« Trouver son monde » est la dernière exposition textile proposée par la Galerie du 19M à Paris, pour mettre en lumière les Métiers d’art appliqués mode et déco. Gratuite, cette exposition collective ouvre ses portes jusqu’au 14 décembre 2025, invitant professionnels, artisans et passionnés à explorer la transmission des gestes et des récits à travers des œuvres contemporaines. Réunissant 17 créateurs de la scène française en collaboration avec quatre Maisons d’art résidentes du 19M, elle illustre parfaitement comment les techniques textiles ancestrales, comme la broderie, le plissé ou le travail du flou, se réinventent pour raconter des histoires intimes et collectives.
Un parcours immersif en quatre chapitres
L’exposition est structurée autour de quatre chapitres thématiques, chacun explorant une facette de la transmission : Éterniser les gestes, Réciter les liens, Arpenter les lieux et Chercher les siens. Ce découpage permet de plonger dans un dialogue inédit entre création contemporaine et savoir-faire artisanaux, avec un focus sur des techniques textiles qui transforment la matière en mémoire vivante.
Chapitre 1 : Éterniser les gestes
Ce premier chapitre met en avant la reproduction des gestes hérités, souvent familiaux ou culturels, pour préserver un patrimoine ancestral face à la modernité. Les œuvres ici questionnent l’héritage à travers des pratiques manuelles répétées, comme le modelage, le tissage ou la broderie.
Par exemple, Nina Jayasuriya, d’origine sri-lankaise et espagnole, présente des céramiques mémorielles inspirées des objets du quotidien de son enfance, comme des chaussures ou des cartes postales. En collaboration avec la Maison Paloma, spécialisée dans le flou et le plissé, elle crée No jealous One & Only colours, une installation textile suspendue utilisant la technique du batik (teinture à réserve de cire) combinée au smock et à des broderies trompe-l’œil en crêpeline de soie. Des chaussettes et gants upcyclés, brodés à la main, ornent l’œuvre, fusionnant rituels traditionnels et visuels contemporains.
Autre exemple : Kenia Almaraz Murillo, héritière d’une famille de tisserandes boliviennes, expose des sculptures textiles murales comme Ekeko et Ferro Bus. Ces pièces confrontent motifs indigènes traditionnels à des éléments urbains modernes (pare-chocs de voitures recyclés), brouillant les frontières entre naturel et artificiel via des techniques de tissage et d’assemblage textile.

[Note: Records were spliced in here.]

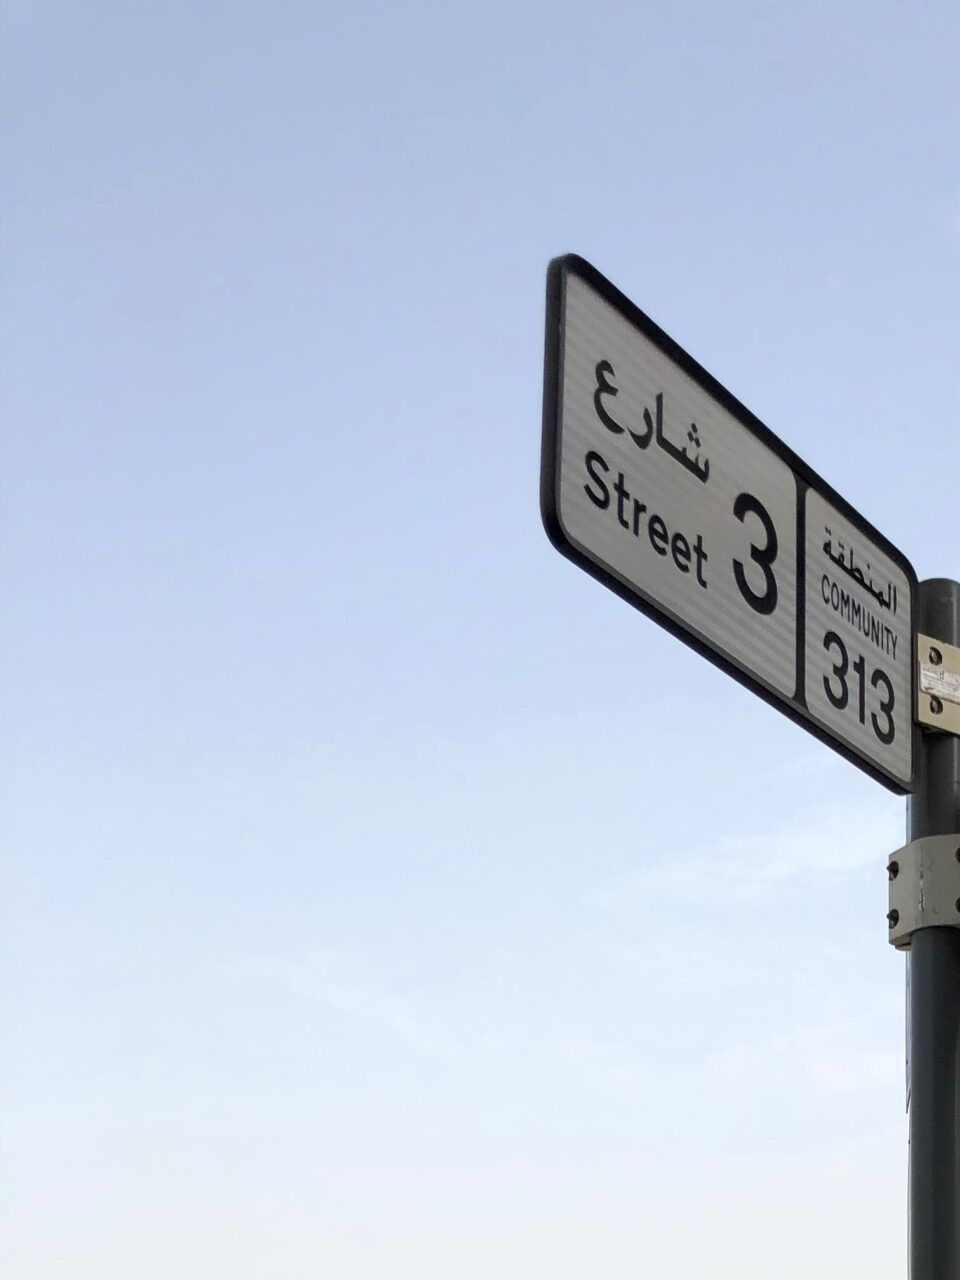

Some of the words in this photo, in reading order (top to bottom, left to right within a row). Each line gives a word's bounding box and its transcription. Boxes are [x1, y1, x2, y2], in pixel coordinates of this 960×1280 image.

[593, 359, 710, 484] شارع
[583, 450, 708, 590] Street
[732, 492, 779, 616] 3
[822, 525, 898, 615] المنطقة
[821, 573, 898, 660] COMMUNITY
[822, 630, 896, 746] 313
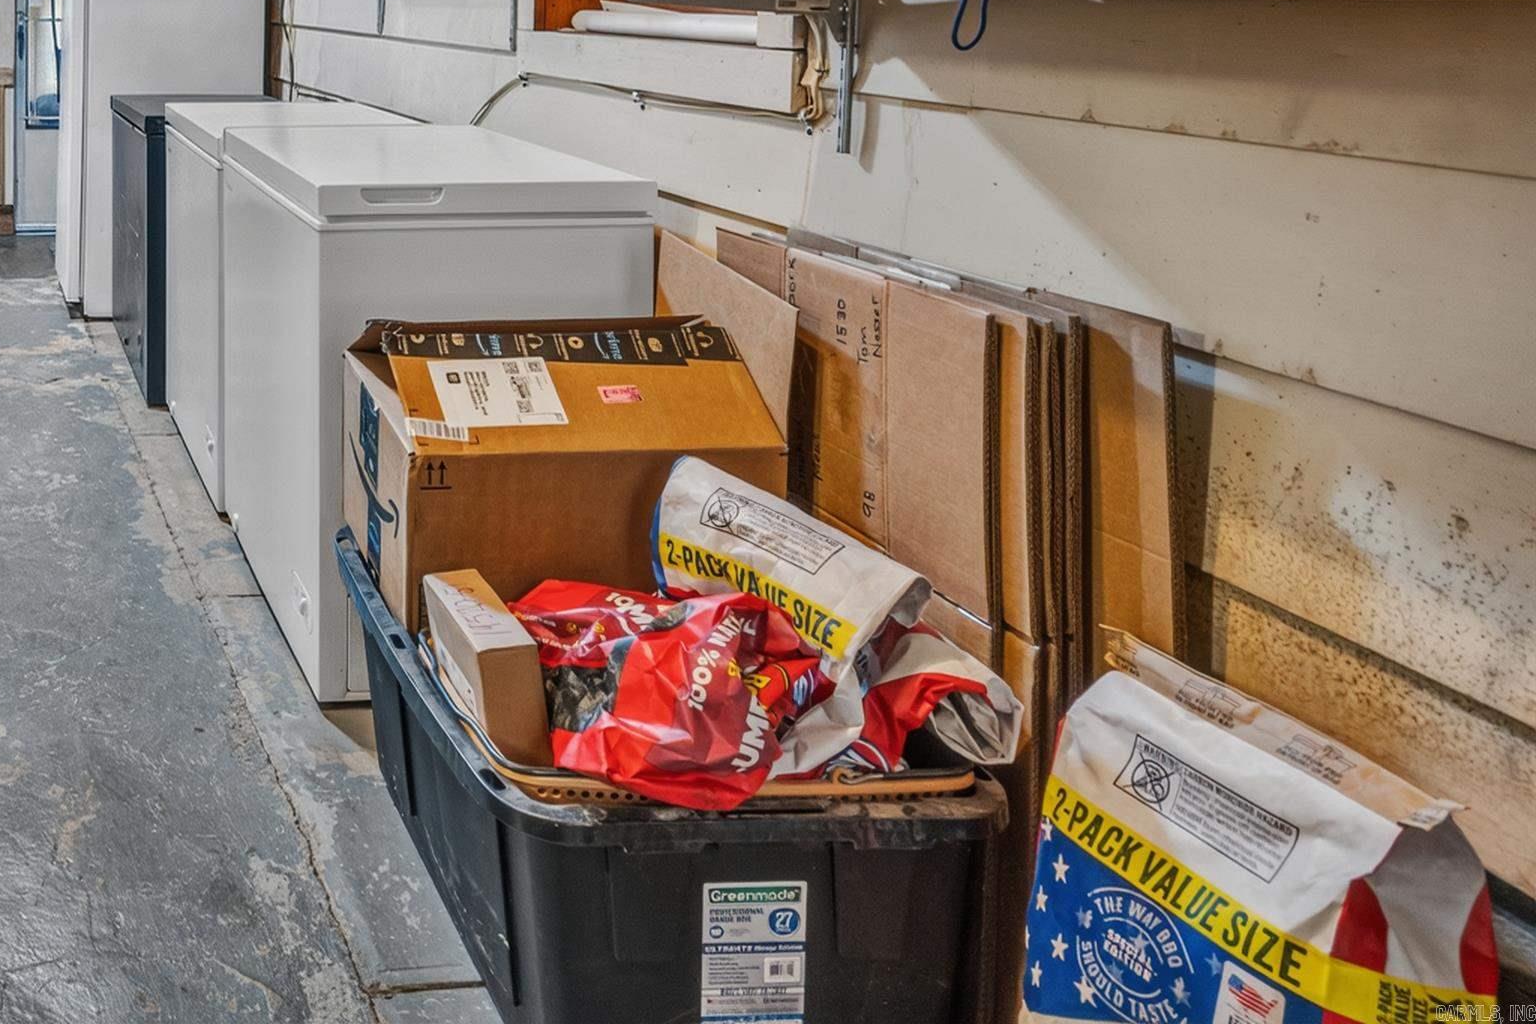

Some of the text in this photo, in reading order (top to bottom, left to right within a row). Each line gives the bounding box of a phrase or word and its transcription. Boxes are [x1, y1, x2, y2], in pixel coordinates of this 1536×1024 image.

[857, 327, 868, 365] Tom
[666, 540, 732, 581] 2-PACK
[793, 599, 841, 650] SIZE
[688, 648, 721, 712] 100%
[1052, 787, 1145, 872] 2-PACK
[1143, 851, 1230, 933] VALUE
[1221, 909, 1308, 988] SIZE
[775, 911, 793, 929] 27
[1094, 896, 1124, 915] THE
[1129, 900, 1163, 936] WAY
[1081, 940, 1178, 1023] SHOULD TASTE
[1102, 940, 1155, 983] EDITION

Chapitre 2 : Réciter les liens
Ici, l’accent est porté sur la transmission culturelle via des récits oraux, des histoires partagées par la parole, la musique ou la danse. Les œuvres rendent hommage à des figures et communautés, en utilisant le textile pour faire résonner des mémoires fragmentées.
Émeline Amétis, artiste franco-caribéenne, dévoile Les Derniers Atlantes, une carte textile bleue réalisée en collaboration avec Paloma. Superposant trois couches de tissu via le procédé du cyanotype (impression photographique sensible à la lumière), elle recrée l’île mythique de l’Atlantide, interrogeant les origines des peuples afro-caribéens. Cette technique allie ennoblissement textile et superposition pour symboliser des territoires multiples.
© le19M – Ismaël Bazri
Chapitre 3 : Arpenter les lieux
Ce chapitre aborde les déplacements réels ou symboliques qui façonnent notre rapport aux espaces. Les œuvres deviennent des miroirs d’architectures sensibles, souvent via des techniques de broderie ou de plissé pour représenter des territoires habités.

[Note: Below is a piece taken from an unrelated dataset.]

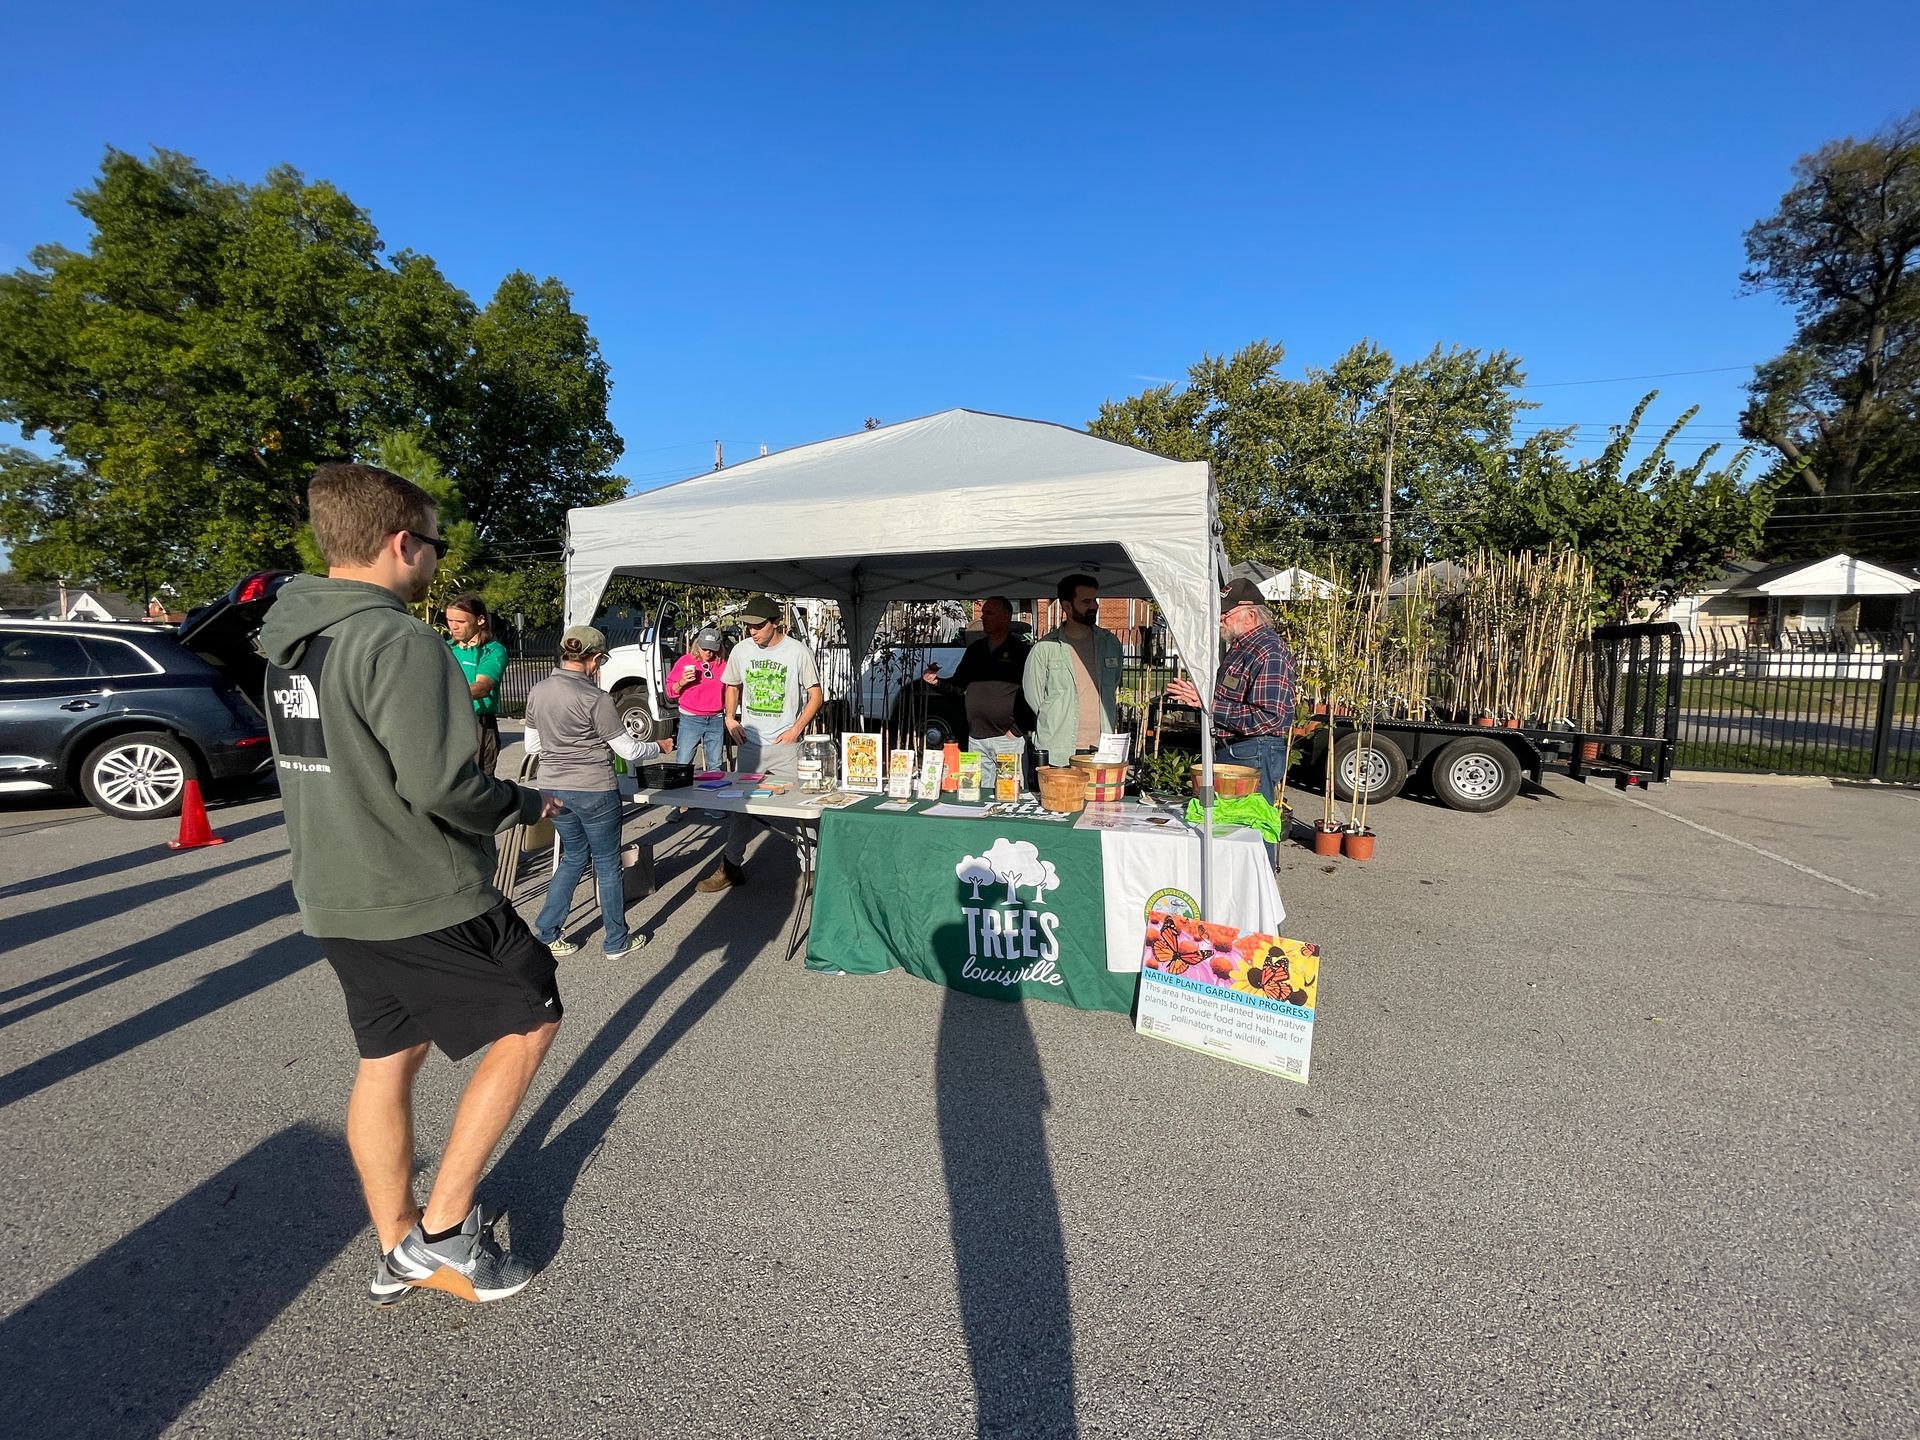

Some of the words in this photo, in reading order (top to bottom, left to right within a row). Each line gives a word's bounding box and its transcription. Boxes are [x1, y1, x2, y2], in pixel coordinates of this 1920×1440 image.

Rakajoo (Baye-Dam Cissé) réinterprète le masque du Rakajoo en collaboration avec la Maison Lesage, utilisant la broderie pour célébrer le pluralisme culturel. La silhouette brodée intègre perles et motifs ancestraux, témoignant des dynamiques communautaires dans le nord de Paris.
Eden Tinto Collins propose une itération de sa série A Pinch of Kola, avec costumes et décors brodés par Lesage. Les motifs médiévaux augmentés et modernisés permettent des voyages temporels, mêlant science-fiction et techniques de broderie haute couture.
Chapitre 4 : Chercher les siens
Le dernier chapitre explore les liens affectifs tissés dès l’enfance, dans des sphères familiales ou communautaires. Les artistes entremêlent réel et imaginaire pour transiter à travers les âges.
Maty Biayenda interprète une maison de poupées textile en collaboration avec Lemarié (broderie) et Atelier Lognon (plissé). Sur des mousselines transparentes, des visages s’impriment via plissé plat, plissé bateau, plissé Watteau et broderie, explorant l’identité afro-descendante et queer. Cette œuvre utilise des termes comme « doll house » pour évoquer la culture voguing, tout en conservant une transparence qui symbolise la fluidité des liens.
Ismaël Bazri, en partenariat avec Atelier Montex, fige une scène de jeu vidéo dans une broderie 3D avec perles, sequins et paillettes, convoquant souvenirs d’enfance et techniques d’ornementation textile.
© le19M – Ismaël Bazri
Les quatre Maisons d’art résidentes du 19M : Pilliers des savoir-faire textiles
Le 19M, hub initié par CHANEL et conçu par l’architecte Rudy Ricciotti, abrite ces Maisons d’art qui perpétuent des techniques d’excellence. Voici un aperçu détaillé :
- Paloma : Fondée en 1982, cette Maison excelle dans le plissé artisanal et le travail des volumes textiles. Elle conjugue gestes traditionnels et innovations pour créer des plissés sur-mesure, explorant formes et textures pour la haute couture. Au 19M depuis 2021, elle transmet ces savoir-faire aux nouvelles générations.
- Lesage : Depuis 1924, Lesage incarne la broderie d’art française, fournissant les grandes maisons de couture. Ses archives, les plus riches au monde, inspirent des motifs innovants, mêlant tradition et modernité. Membre de CHANEL depuis 2002, elle forme via son école les artisans à la précision de la broderie.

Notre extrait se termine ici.